• [Records excerpted from a collection]:

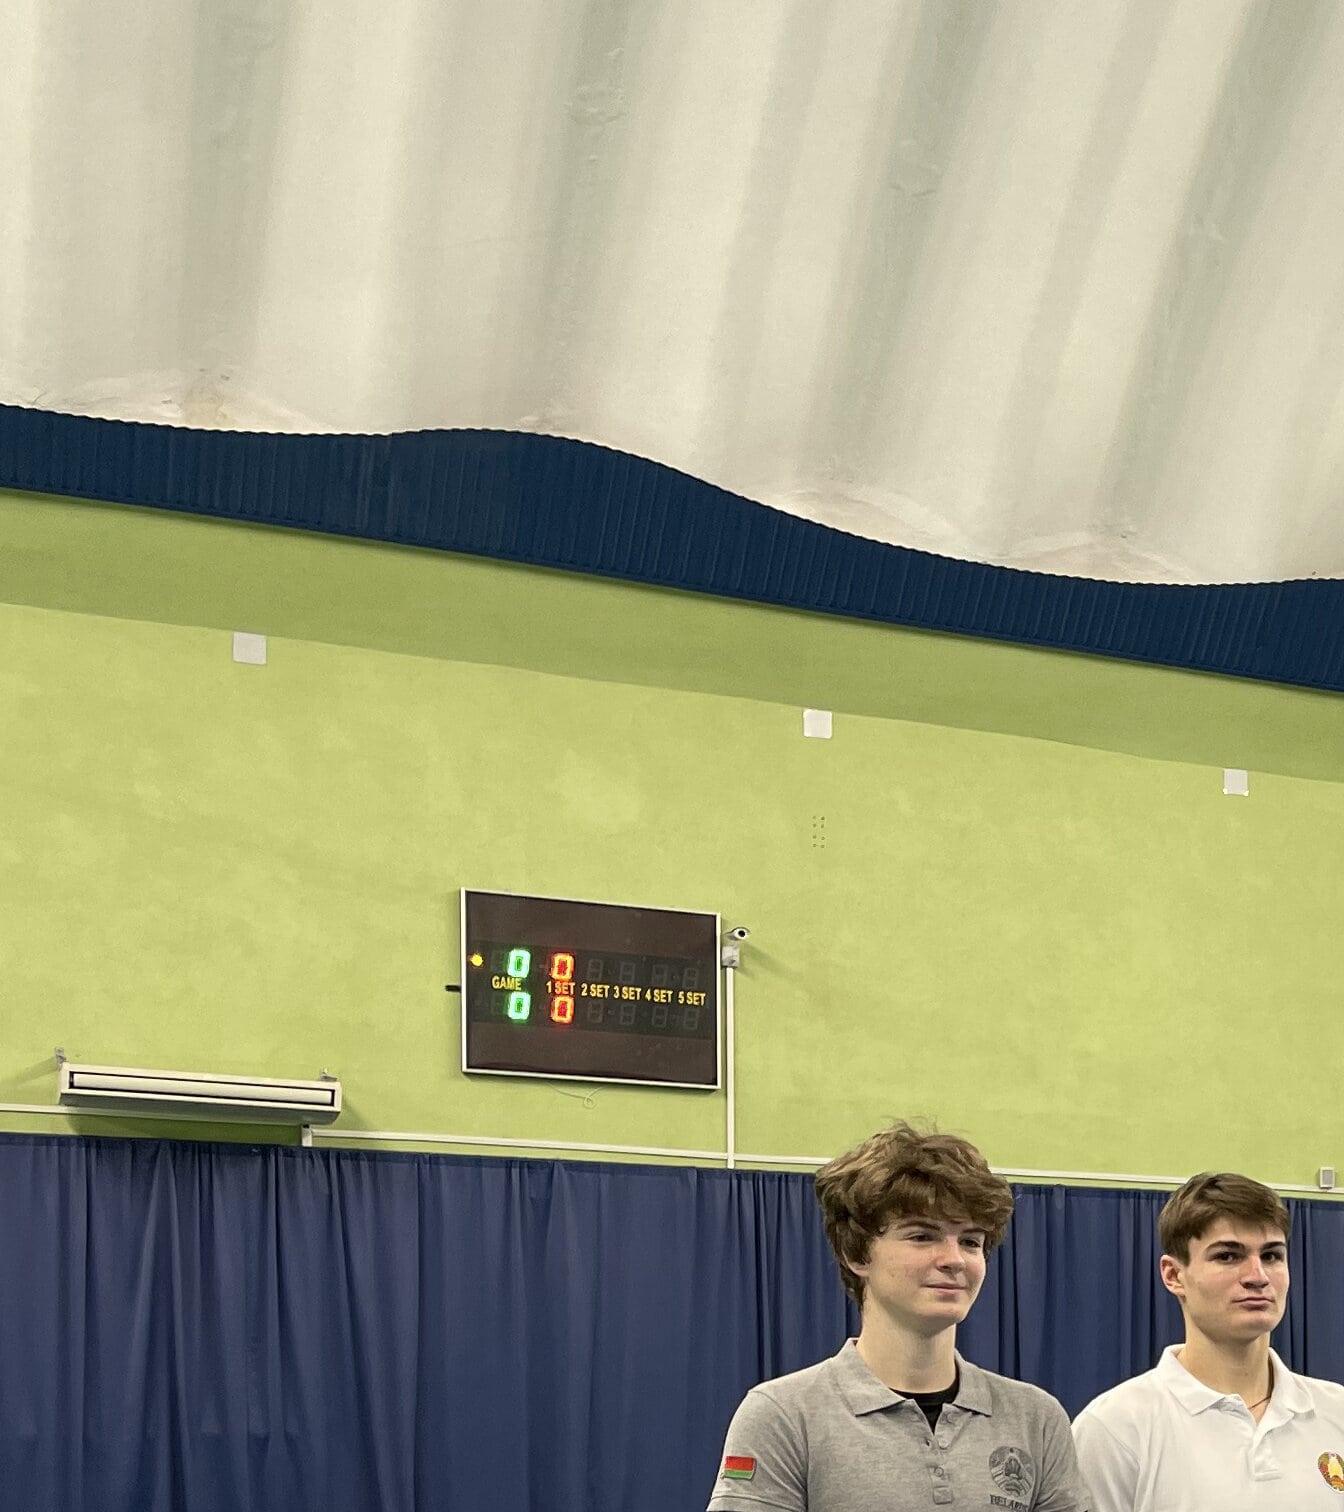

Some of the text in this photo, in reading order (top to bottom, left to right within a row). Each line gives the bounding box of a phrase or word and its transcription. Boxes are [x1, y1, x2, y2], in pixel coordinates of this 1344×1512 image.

[508, 949, 575, 981] 0 0
[491, 976, 522, 992] GAME
[555, 981, 576, 995] SET
[589, 984, 610, 999] SET
[621, 986, 642, 1000] SET
[653, 988, 674, 1003] SET
[686, 991, 706, 1006] SET
[508, 991, 574, 1023] 0 0
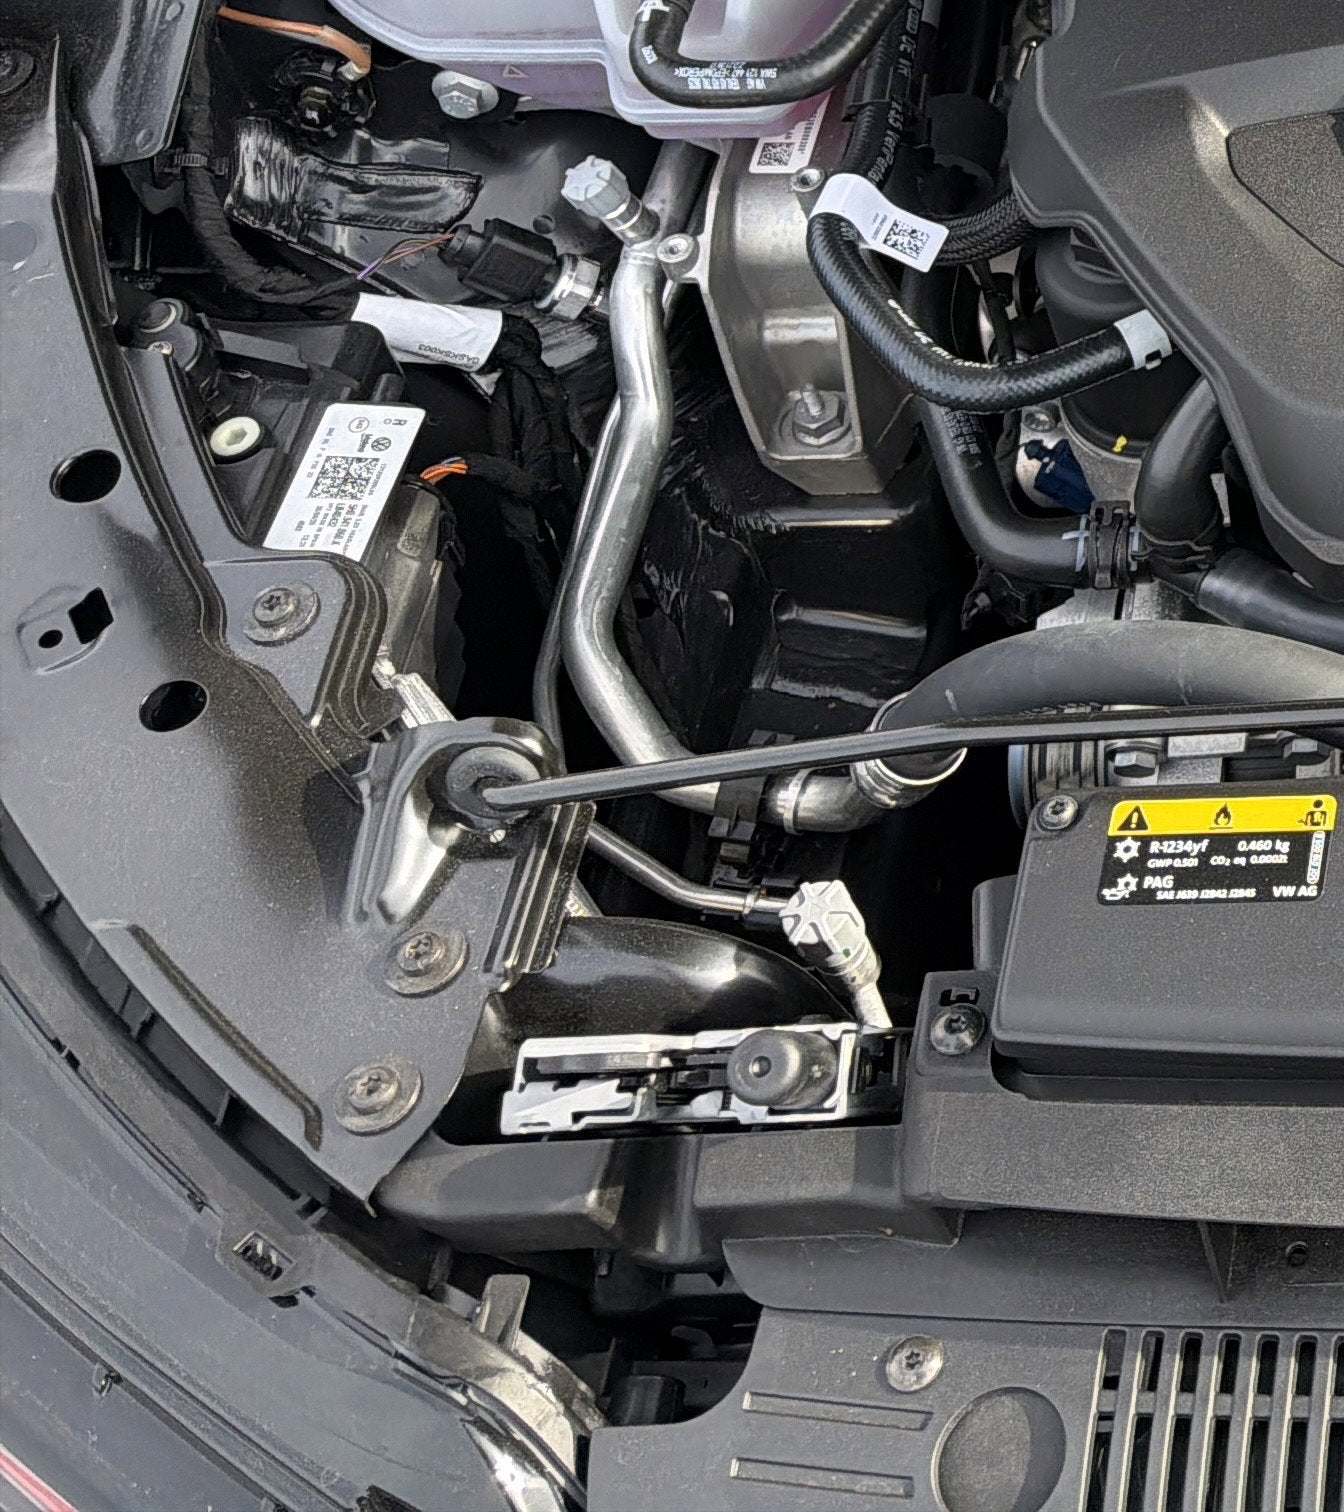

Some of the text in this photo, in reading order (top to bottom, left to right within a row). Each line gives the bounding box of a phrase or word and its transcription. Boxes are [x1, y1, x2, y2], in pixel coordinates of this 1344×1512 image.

[1150, 839, 1290, 856] R-1234yf 0.460 kg
[1147, 858, 1172, 868] GWP
[1173, 858, 1198, 868] 0.501
[1233, 856, 1246, 866] eq
[1143, 875, 1174, 888] PAG
[1156, 886, 1318, 900] SAE VW AG
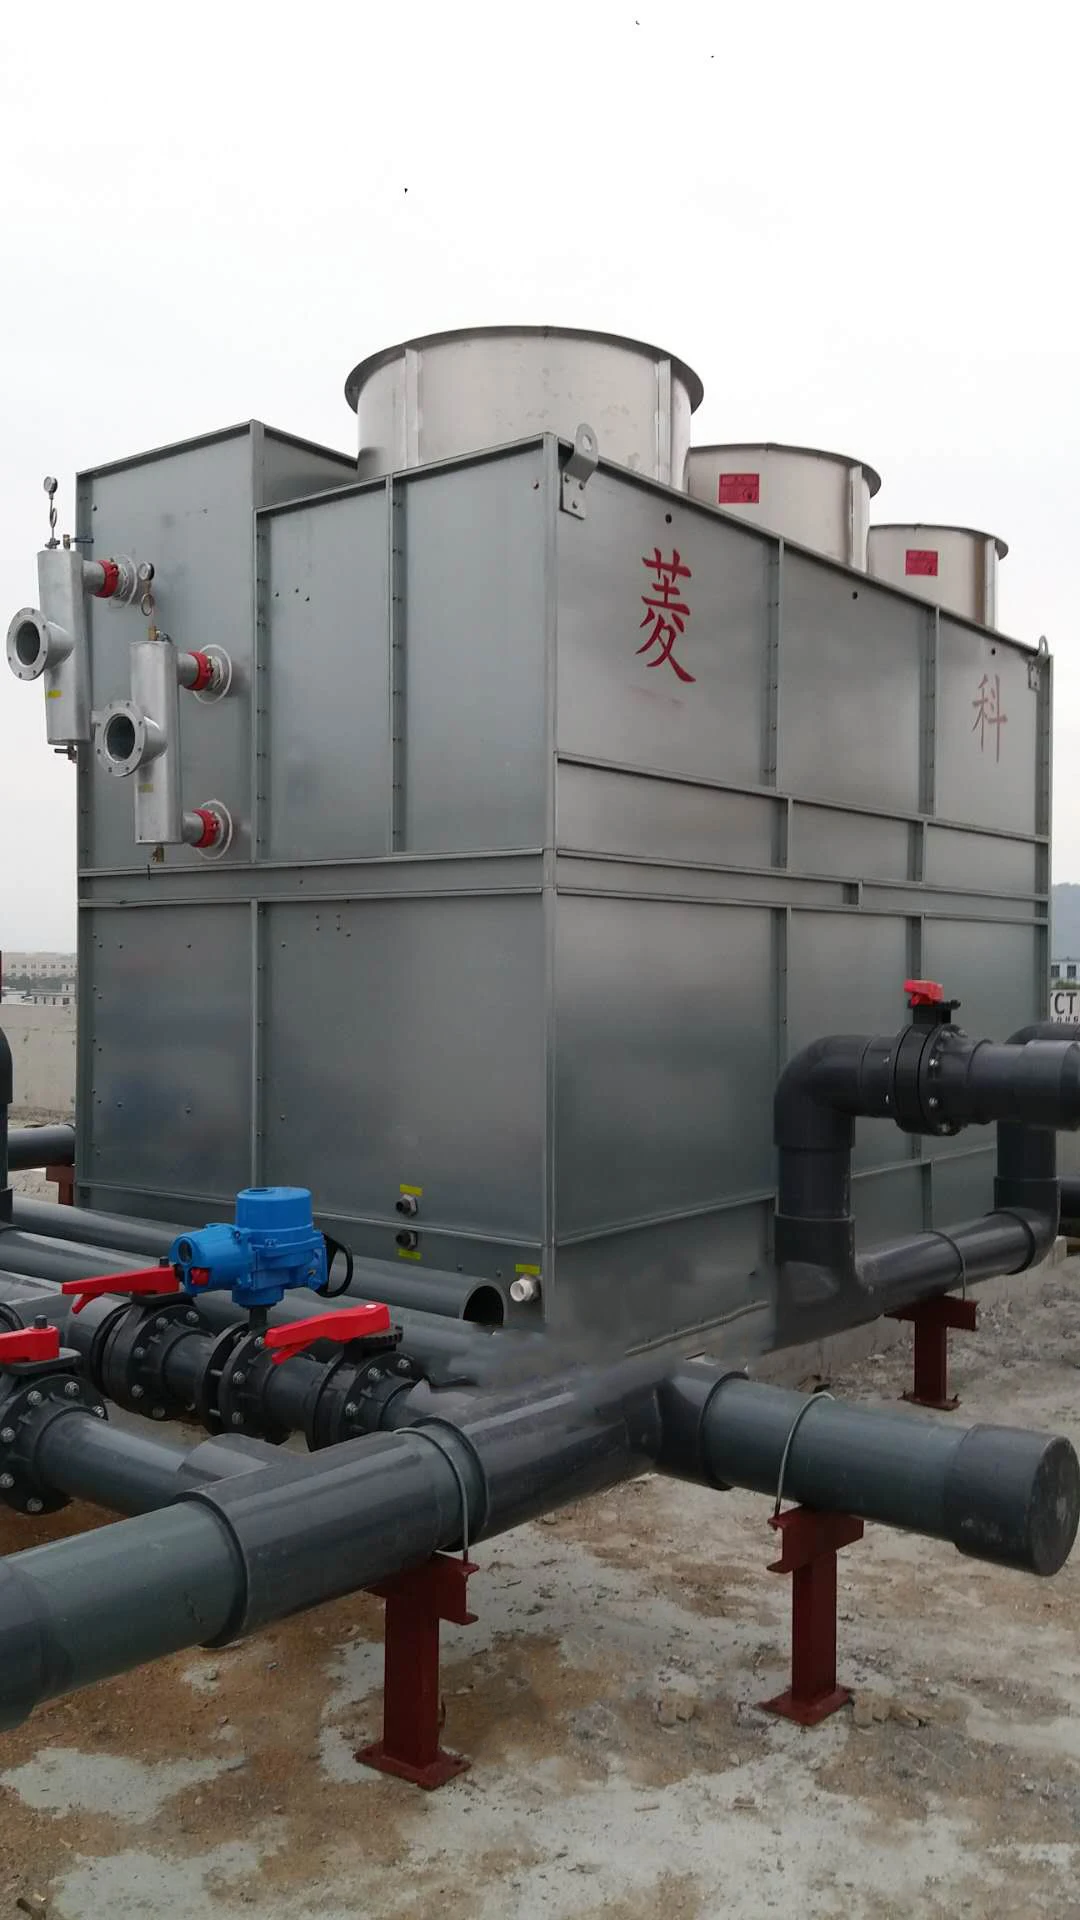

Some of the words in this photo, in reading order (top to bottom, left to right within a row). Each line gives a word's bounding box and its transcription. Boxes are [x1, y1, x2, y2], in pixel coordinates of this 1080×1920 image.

• [Problem to solve]: Using the data above, write out every line exactly, leaving the images behind.

• [Problem solution]:
Some of the text in this photo, in reading order (top to bottom, left to right within a row). Each line gives the bounding box of a phrase or word and its transcription. Boxes are [x1, y1, x2, y2], in pixel coordinates of this 1344×1512 image.

[508, 949, 575, 981] 0 0
[491, 976, 522, 992] GAME
[555, 981, 576, 995] SET
[589, 984, 610, 999] SET
[621, 986, 642, 1000] SET
[653, 988, 674, 1003] SET
[686, 991, 706, 1006] SET
[508, 991, 574, 1023] 0 0

Some of the text in this photo, in reading order (top to bottom, left to right within a row). Each line gives the bounding box of a phrase or word and its transcription. Boxes are [x1, y1, x2, y2], in pixel coordinates of this 1344×1512 image.

[1150, 839, 1290, 856] R-1234yf 0.460 kg
[1147, 858, 1172, 868] GWP
[1173, 858, 1198, 868] 0.501
[1233, 856, 1246, 866] eq
[1143, 875, 1174, 888] PAG
[1156, 886, 1318, 900] SAE VW AG

Some of the words in this photo, in reading order (top to bottom, left to right within a row). Each line gives a word's bounding box and its transcription. Boxes are [x1, y1, x2, y2], in pixel coordinates of this 1080×1920 image.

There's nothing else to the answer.